Talanta. 2004 May 28;63(2):425-31. doi: 10.1016/j.talanta.2003.11.013.

Abstract

Feed-forward artificial neural networks (ANNs), trained with the generalized delta rule, were evaluated for modeling the non-linear behavior of calibration curves and increasing the working range for the determination of cadmium by graphite furnace atomic absorption spectrometry (GFAAS). Selection of this analyte was made on the basis of its short linear range (up to 4.0mugl(-1)).
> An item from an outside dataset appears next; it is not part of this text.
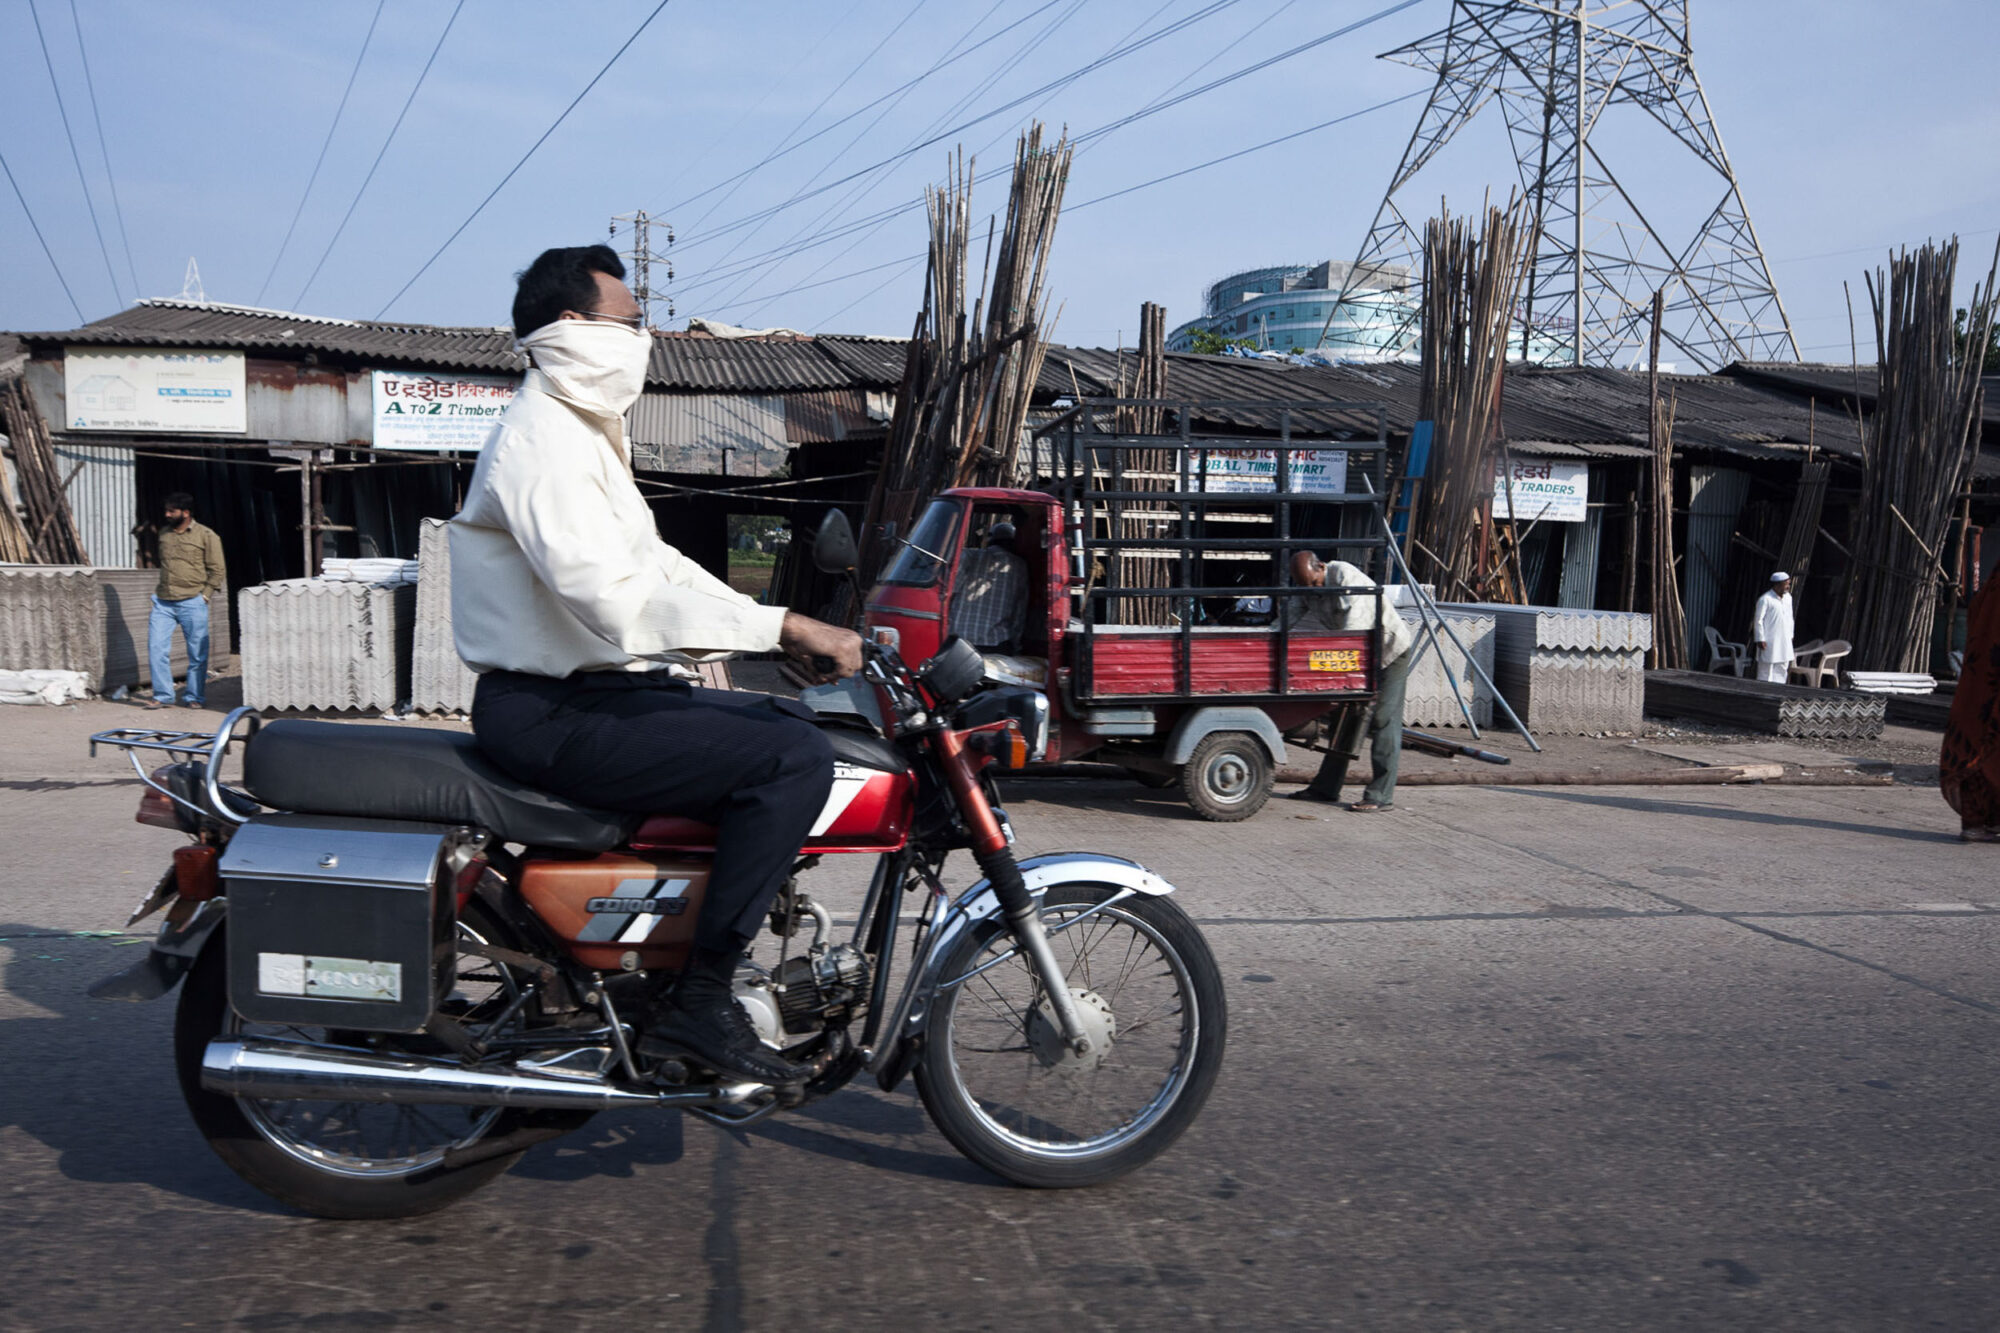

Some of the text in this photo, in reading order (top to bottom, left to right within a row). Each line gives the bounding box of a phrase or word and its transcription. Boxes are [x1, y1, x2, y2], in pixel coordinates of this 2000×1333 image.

Two-layer neural networks, comprising one node in the input layer (linear transfer function); a variable number of neurons in the hidden layer (sigmoid transfer functions), and a single neuron (linear transfer function) in the output layer were assessed for such a purpose. The (1:2:1) neural network was selected on the basis of its capacity to adequately model the working calibration curve in the range of study (0-22.0mugl(-1) Cd). The latter resulted in a nearly six fold increase in the working range. Cadmium was determined in the certified reference material "Trace Elements in Drinking Water" (High Purity Standards, Lot No. 490915) at four concentration levels (2.0, 4.0, 8.0 and 12.0mugl(-1) Cd), which were experimentally within and above the linear dynamic range (LDR). No significant differences (P<0.05) were found between the expected concentrations and the results obtained by means of the neural network. The proposed method was compared with the conventional "dilution" approach, and with fitting the working calibration curve by means of a second-order polynomial. Modeling by means of an ANN represents an alternative calibration technique, for its use helps in reducing sample manipulation (due to the extension of the working calibration range), and may provide higher accuracy of the determinations in the non-linear portion of the curve (as a result of the better fitness of the model).